When was the last time you had an idea, a big idea, and immediately talked yourself out of it? You wanted to change your schedule, or go on a 2 week trip, or paint a room a new color, and you just shut the idea down right away. Why? Did you need permission?
When we entered medical school, or residency training, we were at the whim of our supervisors. We couldn’t just make any decision we wanted too. This was true of clinical decisions (for good reason), and for our time and schedules. We were, to some extent, at the beck and call of our education.
And then, we graduated and became “real doctors.” “Real Doctors” get to do what they want, right? Um, right?
For many of us, that didn’t seem to pan out.
Loss of autonomy is recognized as a factor in burnout, and unfortunately it’s very common in medicine for many reasons. Hospitals and clinics need predictable staffing, so not everyone can be on vacation at the same time. Insurance companies negotiate formularies, so you may have to choose this medication for your patient, even though you would prefer to choose that one. And because we have been conditioned to abide by the rules of our training and then from our employers, insurance companies, etc, we start assuming that we don’t have permission to make decisions for ourselves.
An example of this? Lunch.
Many of us are used to working through lunch. We tell ourselves we have to do this. The load of work on our plates, the patients who are scheduled to see us before or after (or still on our rounding sheets), etc, makes us believe that we are not eligible for a break. And yes, perhaps some of the time, there really are time-sensitive issues arising. But much of the time, we feel we don’t have permission to stop for lunch. We don’t believe that we have the authority to give ourselves permission to eat (vs maybe cramming some food down in a few gulps).

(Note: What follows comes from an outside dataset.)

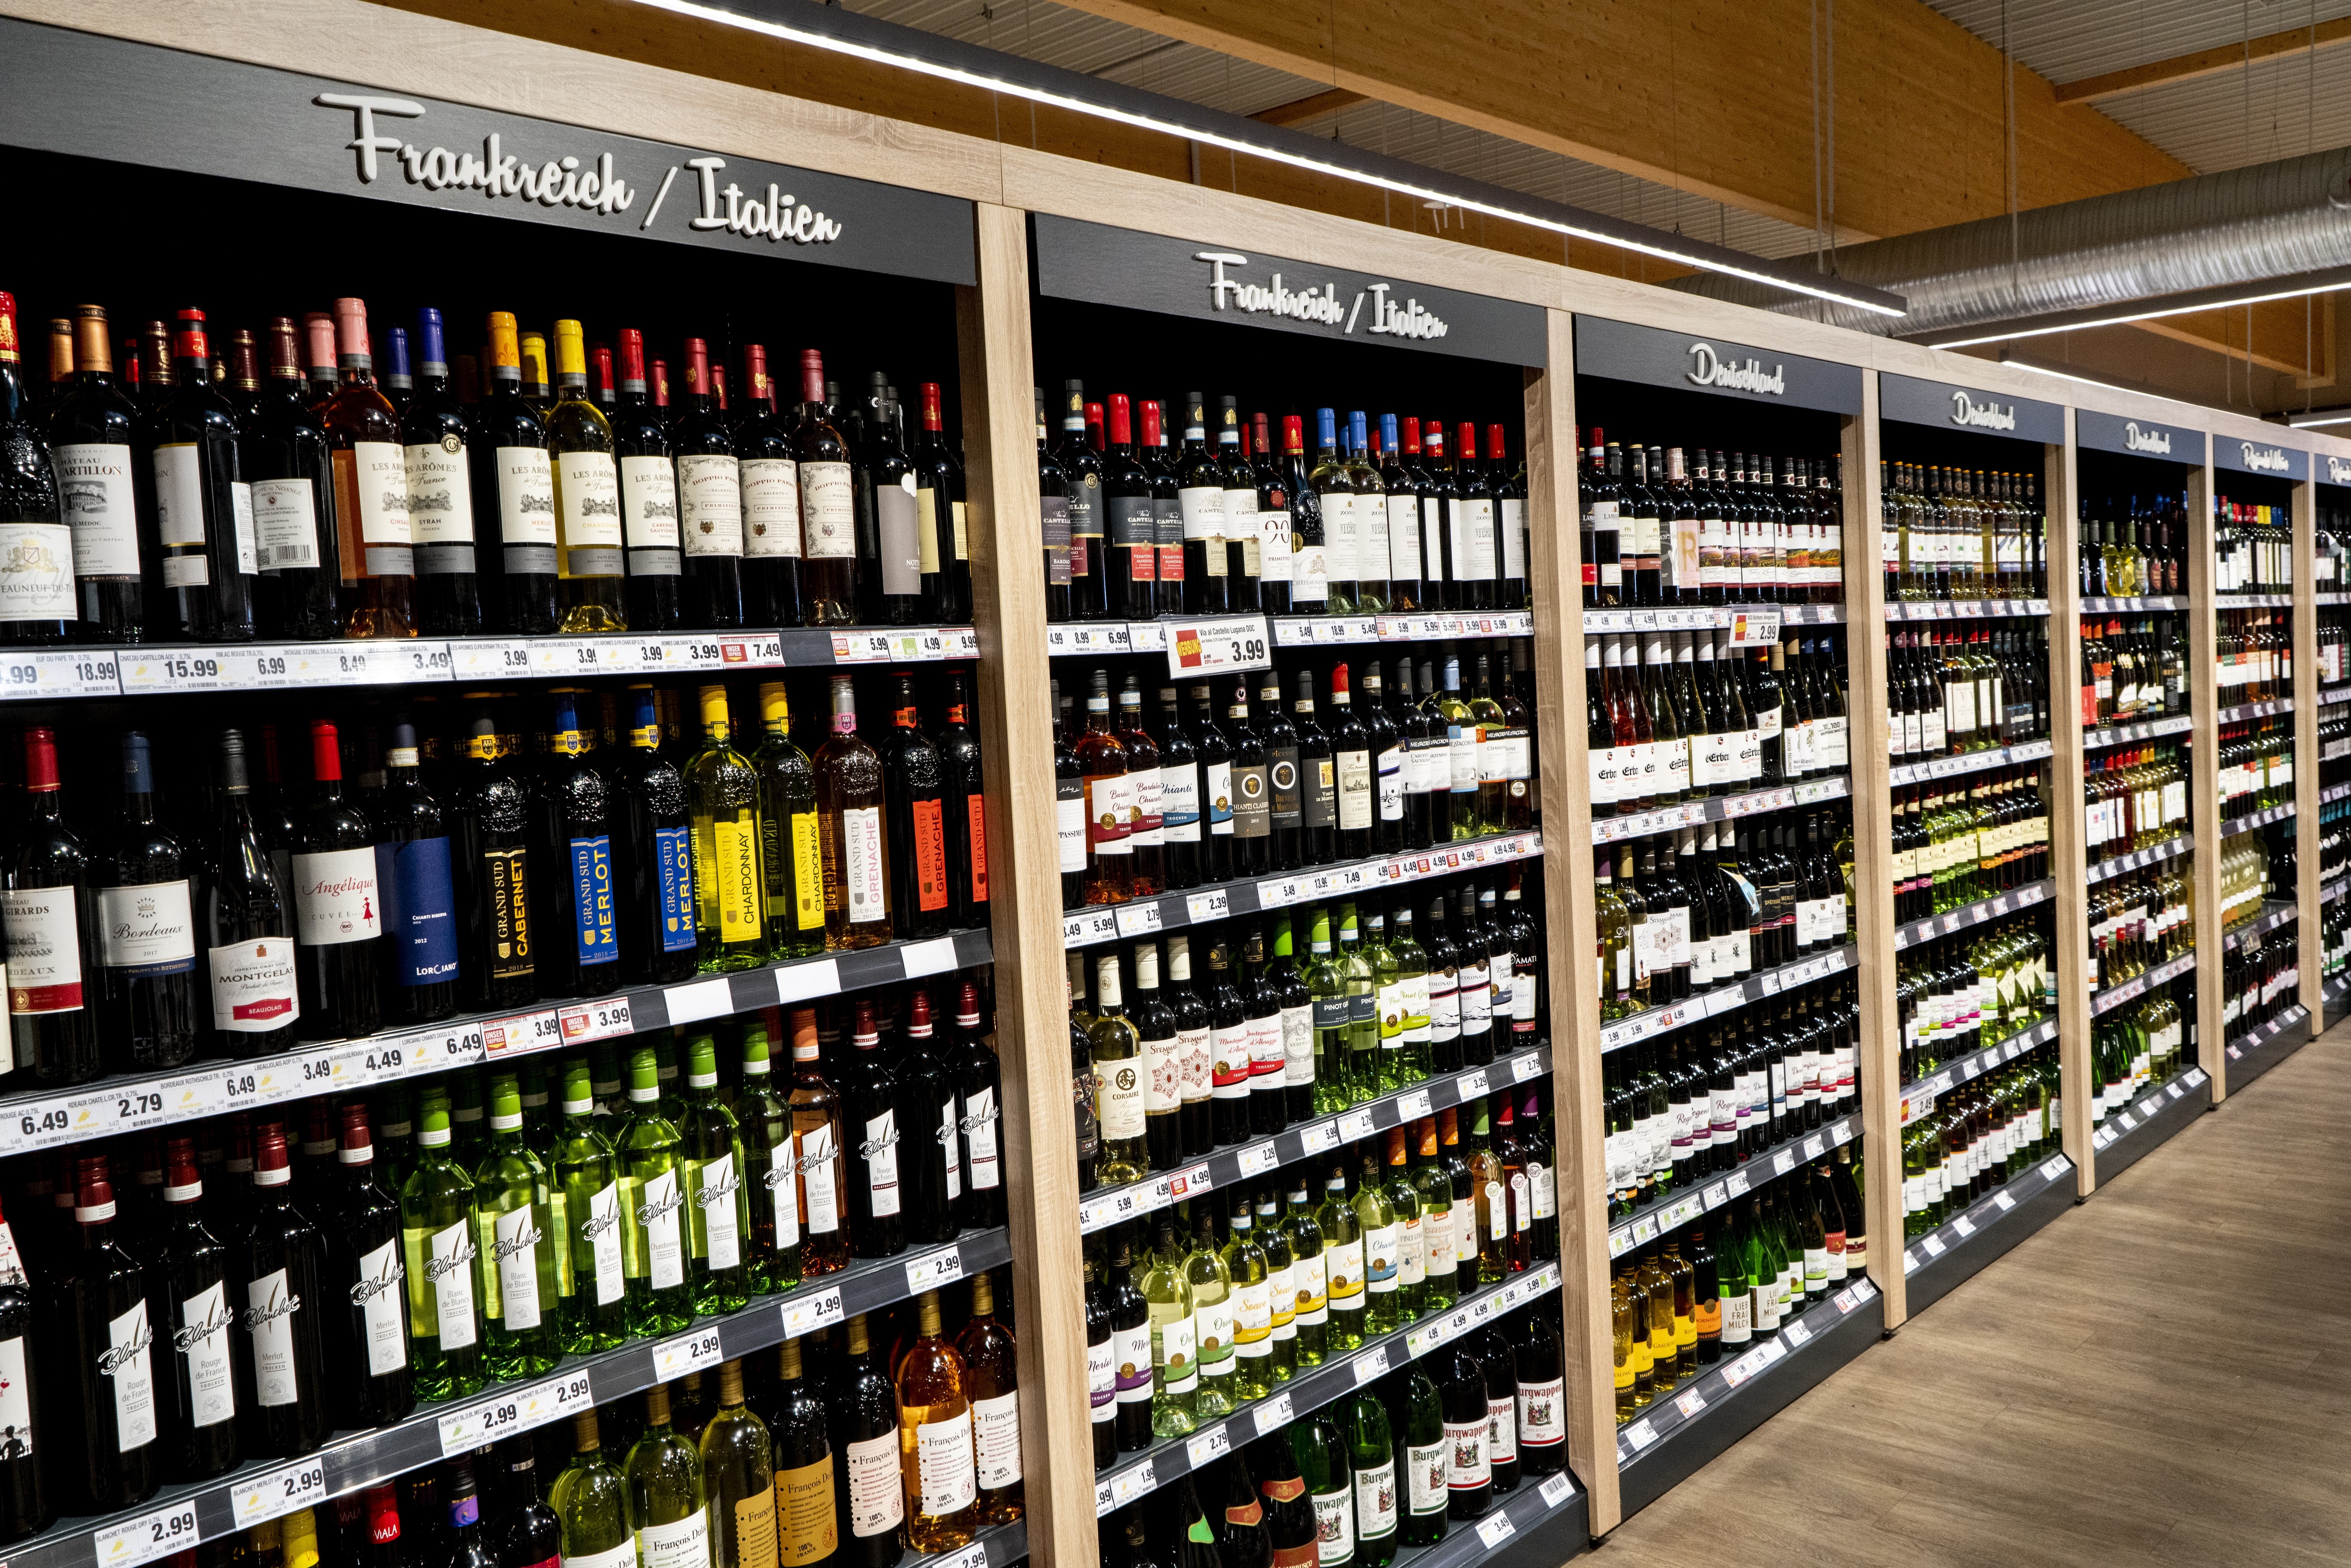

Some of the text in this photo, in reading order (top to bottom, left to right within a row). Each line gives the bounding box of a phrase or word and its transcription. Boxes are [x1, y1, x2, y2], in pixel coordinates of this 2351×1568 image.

This feeling, this inability to recognize our own authority and agency, is a toxic presence in our lives. We may feel oppressed by our employer (or our patients) because we “don’t have permission” to eat. We may feel that we are being held to impossible standards. And putting aside the VERY REAL problem of Physician workloads for a moment; we make it worse because we can’t or won’t see that we have to choose to take care of ourselves in these ways.
I invite you to start choosing to give yourself permission to eat. Even to take 10 minutes out of a crazy day to eat at a table (not your desk), to sip on a warm beverage and savor it, to not look at work. For 10 minutes in the middle of your day.
When you start to give yourself permission to do this, or to use the bathroom when you need too, you honor your human-ness. We are not machines. We need food, and air, and coffee, and bathroom breaks, and sleep and love. And it’s so easy to believe that we don’t need those things because we have gone without permission to have them for such a long time.
Give yourself permission. Permission to pause. Permission to notice your hunger, your emotions, your needs. Permission to meet those needs.
I wish that someone was there to tap you on the shoulder and tell you “it’s your lunch, see you in an hour.” But they won’t. But show up to tap your own shoulder, and at least give yourself 10 minutes to sit and eat and be a regular human.